When students are in school, teachers and educators have unique responsibilities. These include considerations like academic achievement, mental health, and overall student well-being. Helping learners, regardless of age, to maintain their health is one of the most important responsibilities that a school has for those who learn there. Here are some of the most valuable ways that an academic institution can promote student well-being.
What does student well-being look like?
Every student’s well-being looks different, and each requires different engagement strategies. The first step to providing the right student and teacher resources is understanding what the learners need. Whether early schooling or higher education, academics and student well-being are closely tied.
Student health, from physical to mental health, requires close attention from leaders within the school or university. Each school district and academic institution may have its own parameters to measure and evaluate student well-being. For example, the New Hampshire Department of Education lists the important dimensions of student wellness as:
- Emotional Wellness: The National Institutes of Health reports that emotional wellness is “the ability to successfully handle life’s success and adapt to change and difficult times.”

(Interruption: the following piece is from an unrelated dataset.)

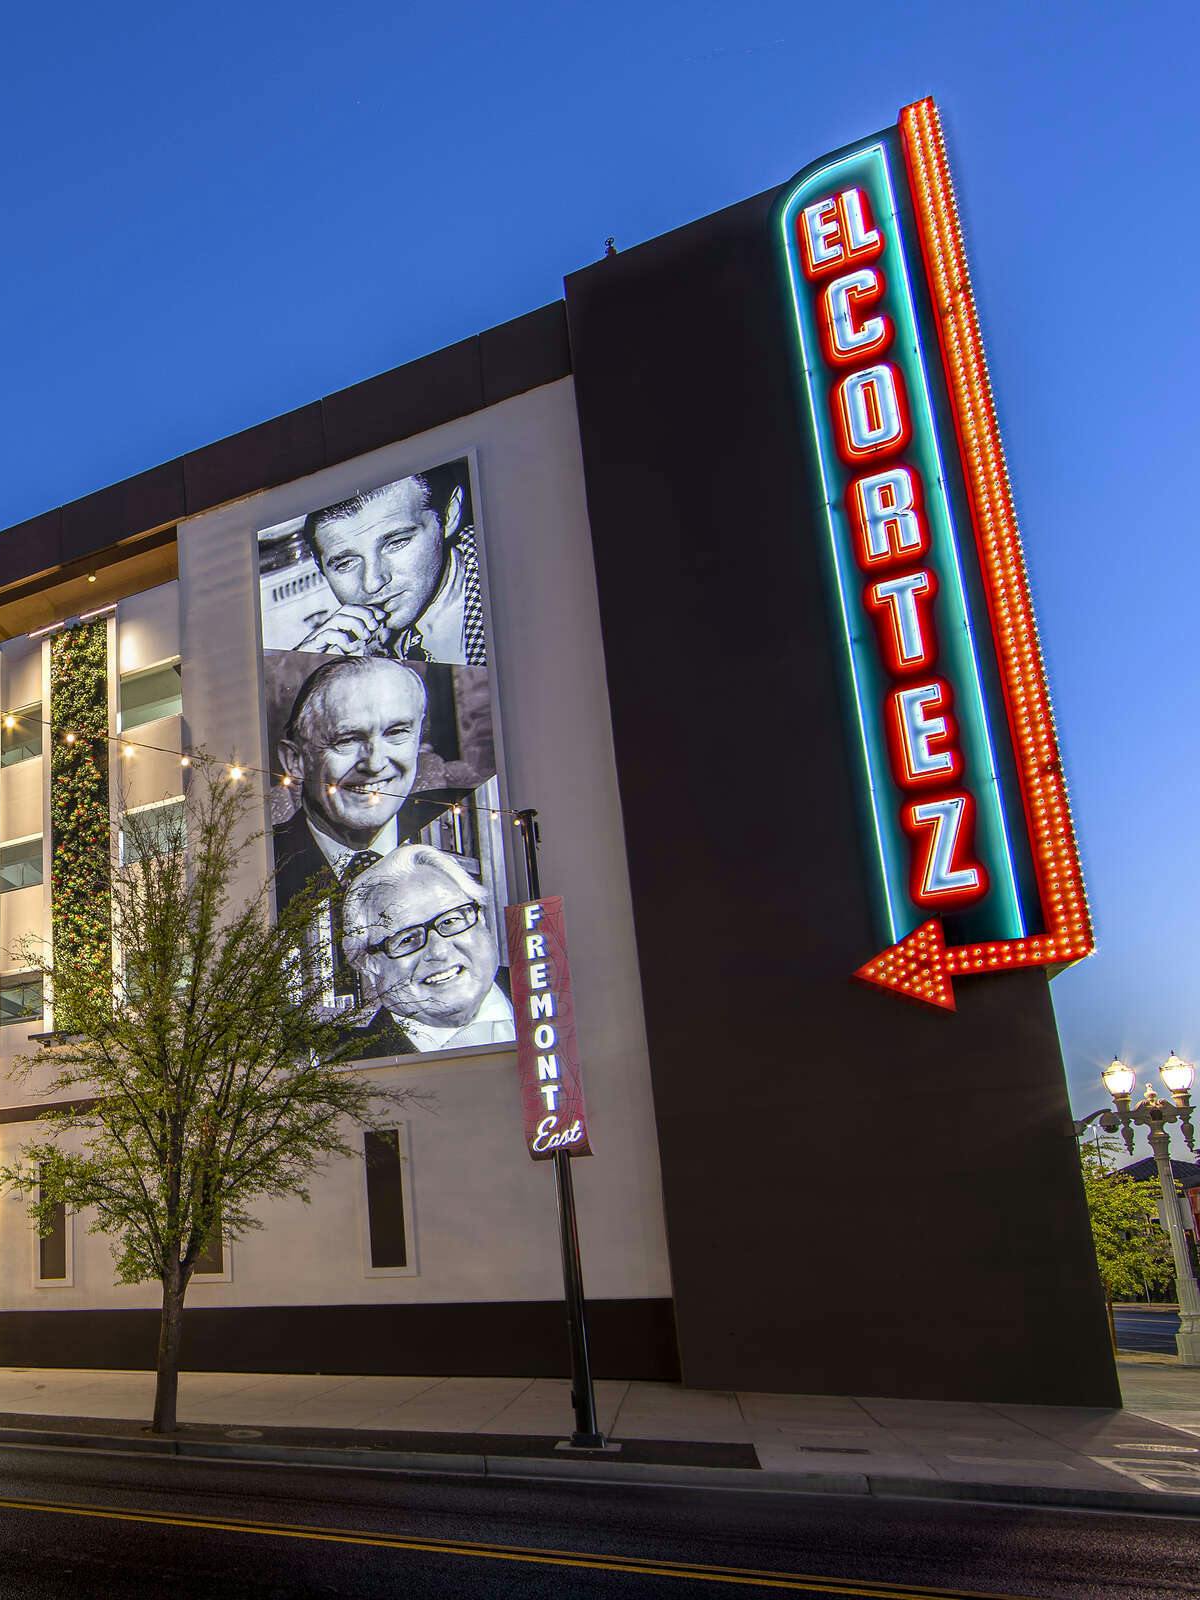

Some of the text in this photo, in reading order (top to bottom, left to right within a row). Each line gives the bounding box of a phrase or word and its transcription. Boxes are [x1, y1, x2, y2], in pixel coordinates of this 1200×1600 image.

[801, 187, 880, 272] EL
[824, 268, 980, 897] CORTEZ
[523, 903, 560, 1111] FREMONT
[531, 1115, 583, 1152] East

- Social Wellness: Focus on healthy student interactions between each other and the world around them.
- Physical Wellness: In schools, physical education is common, and even in the world of higher education, exercise is encouraged in the student body.

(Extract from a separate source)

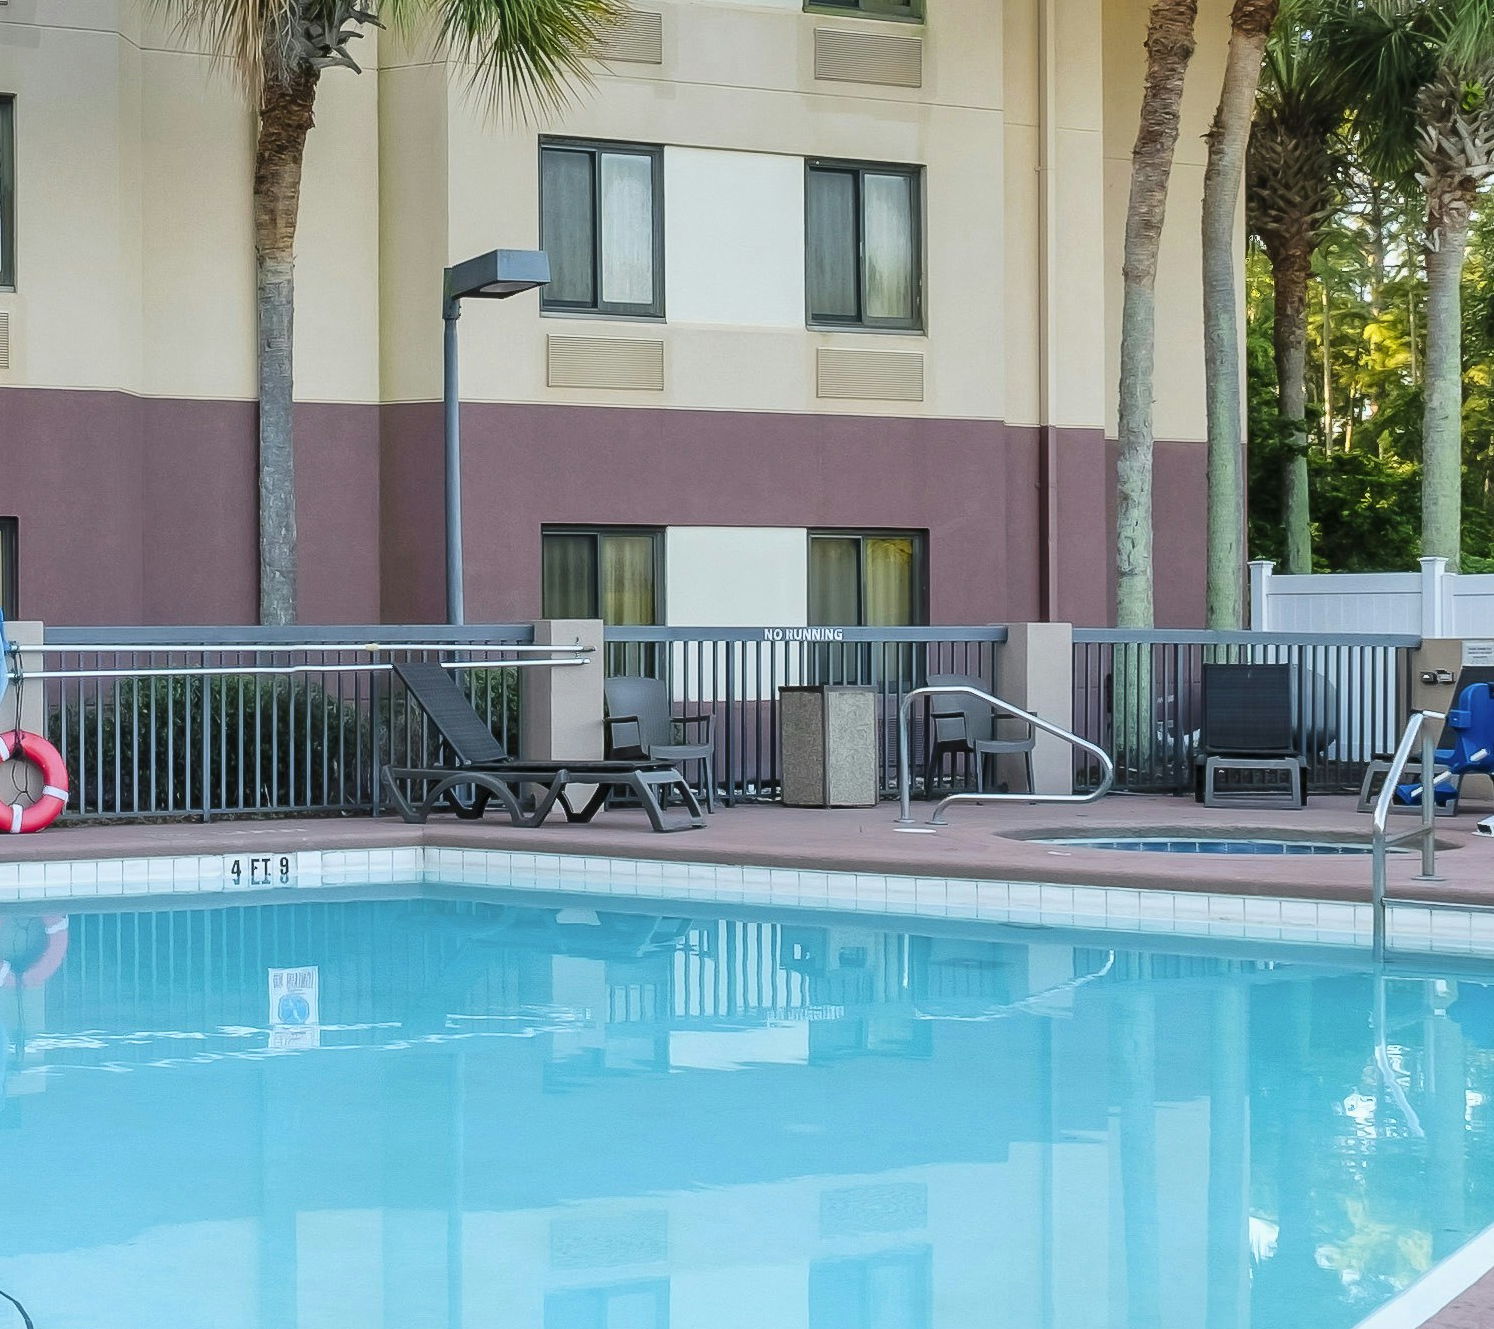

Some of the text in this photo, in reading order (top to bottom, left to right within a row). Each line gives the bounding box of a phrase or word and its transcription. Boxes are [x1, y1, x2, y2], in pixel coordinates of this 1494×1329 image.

- Intellectual Wellness: The Department finds that “intellectual wellness is a person’s ability to recognize their creative abilities and find ways to expand knowledge and skills.”
- Personal Wellness: Teachers and other school staff need to keep an eye on the learner’s personal wellness, which includes their personal life outside of school.
- Environmental Wellness: This is often referred to as the school culture, which includes things like shared values and beliefs.
- Occupational Wellness: Especially important in higher education where learners must have a job at the same time that they are pursuing an education, this wellness component looks at their ability to gain personal satisfaction and enrichment from their job.
Again, there are many different ways to measure and evaluate student well-being depending on the individual situation.
How do you increase overall student well-being?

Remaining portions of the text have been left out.